What the task asks:
Each entry below should be echoed exactly, with pictures omitted.

Given entries:
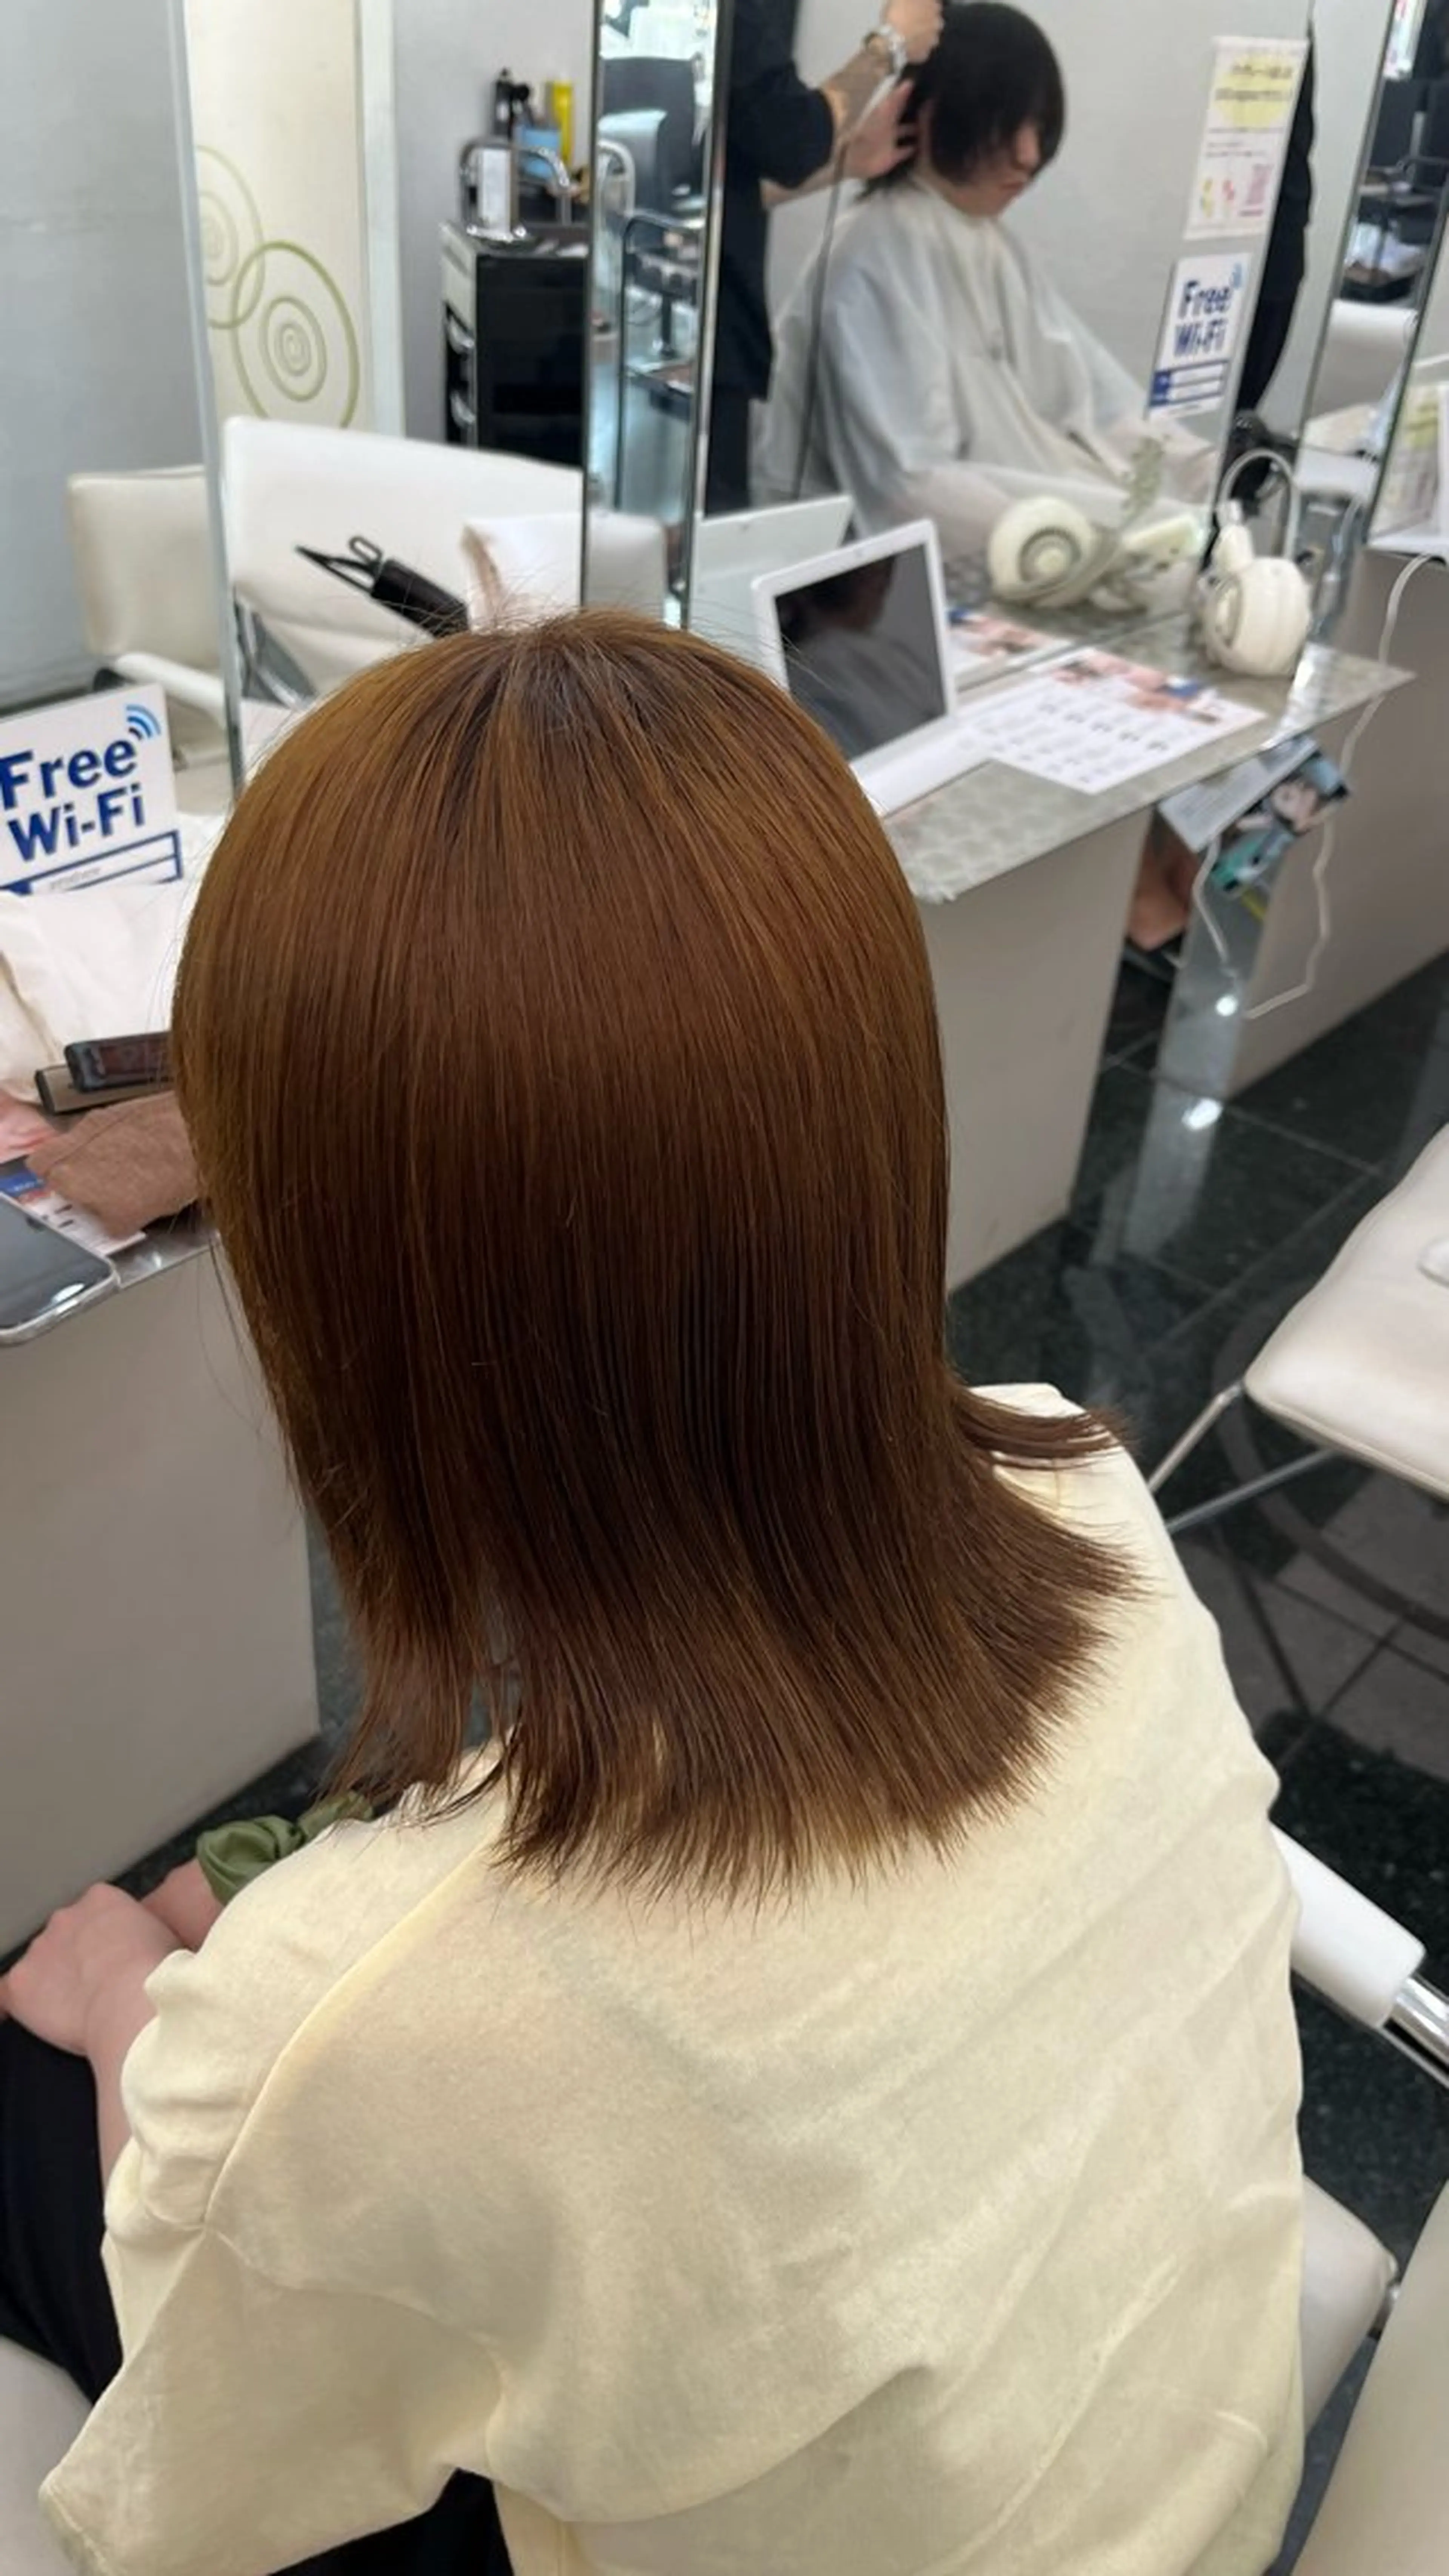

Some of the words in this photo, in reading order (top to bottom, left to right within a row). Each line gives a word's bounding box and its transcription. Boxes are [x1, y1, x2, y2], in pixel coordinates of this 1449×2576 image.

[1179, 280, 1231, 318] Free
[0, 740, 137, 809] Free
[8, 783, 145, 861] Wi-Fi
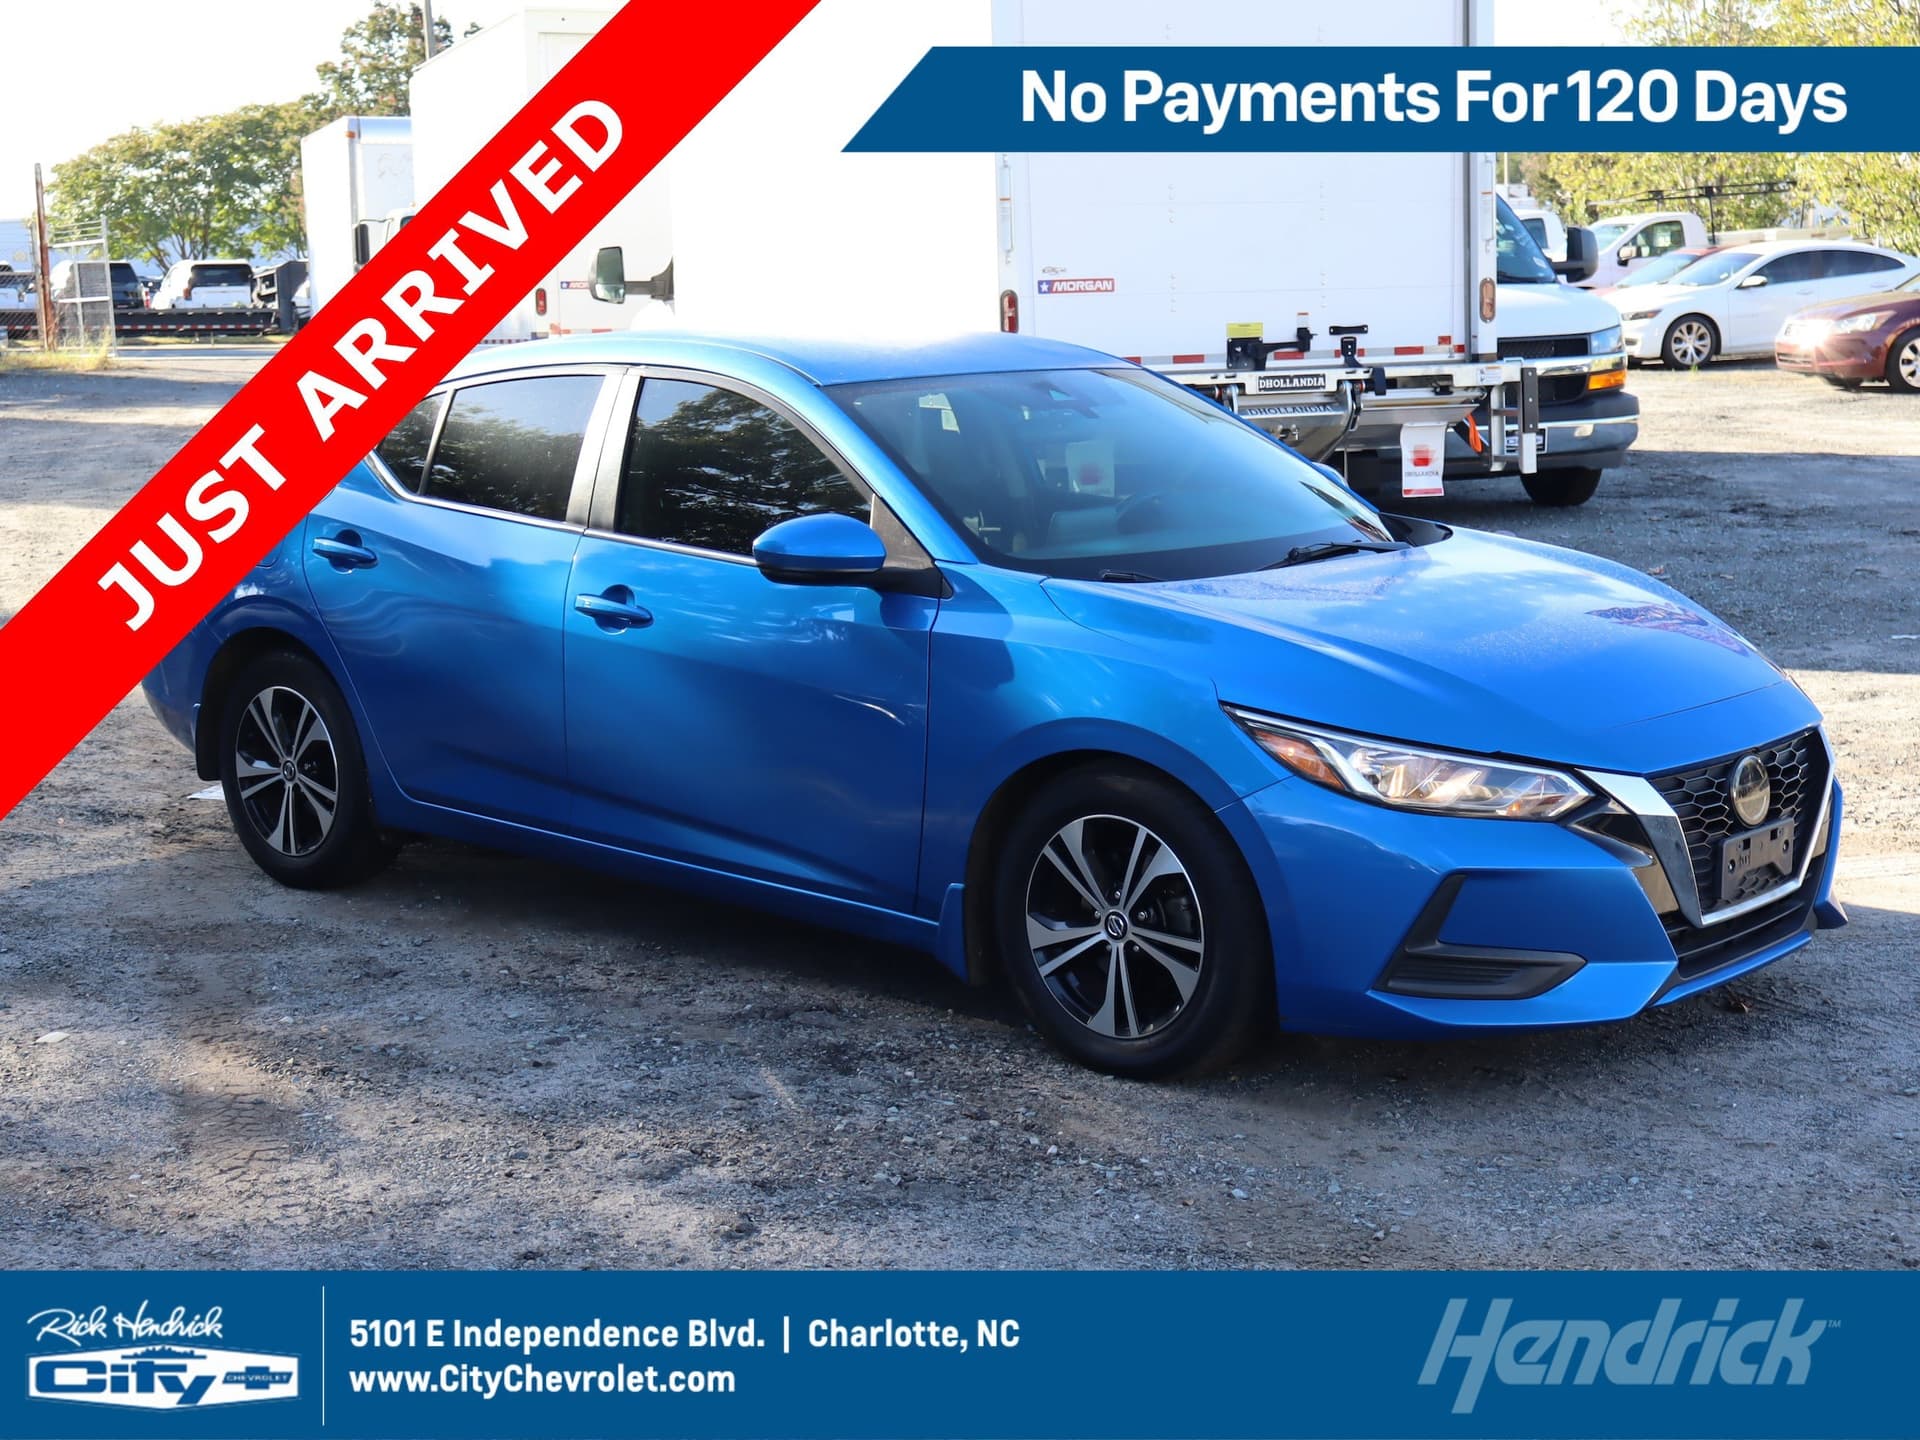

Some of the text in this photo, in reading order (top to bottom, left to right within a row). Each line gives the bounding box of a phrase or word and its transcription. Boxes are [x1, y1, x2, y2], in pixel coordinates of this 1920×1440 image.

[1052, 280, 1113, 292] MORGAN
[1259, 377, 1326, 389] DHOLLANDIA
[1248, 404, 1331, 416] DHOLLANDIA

Response to this task:
Some of the words in this photo, in reading order (top to bottom, left to right within a row). Each line gives a word's bounding box and its transcription. Boxes are [x1, y1, x2, y2], in pixel coordinates of this 1449×2576 image.

[1179, 280, 1231, 318] Free
[0, 740, 137, 809] Free
[8, 783, 145, 861] Wi-Fi

Some of the text in this photo, in reading order (top to bottom, left to right within a row). Each line gives the bounding box of a phrase or word and its transcription. Boxes are [x1, y1, x2, y2], in pixel coordinates of this 1920×1440 image.

[1052, 280, 1113, 292] MORGAN
[1259, 377, 1326, 389] DHOLLANDIA
[1248, 404, 1331, 416] DHOLLANDIA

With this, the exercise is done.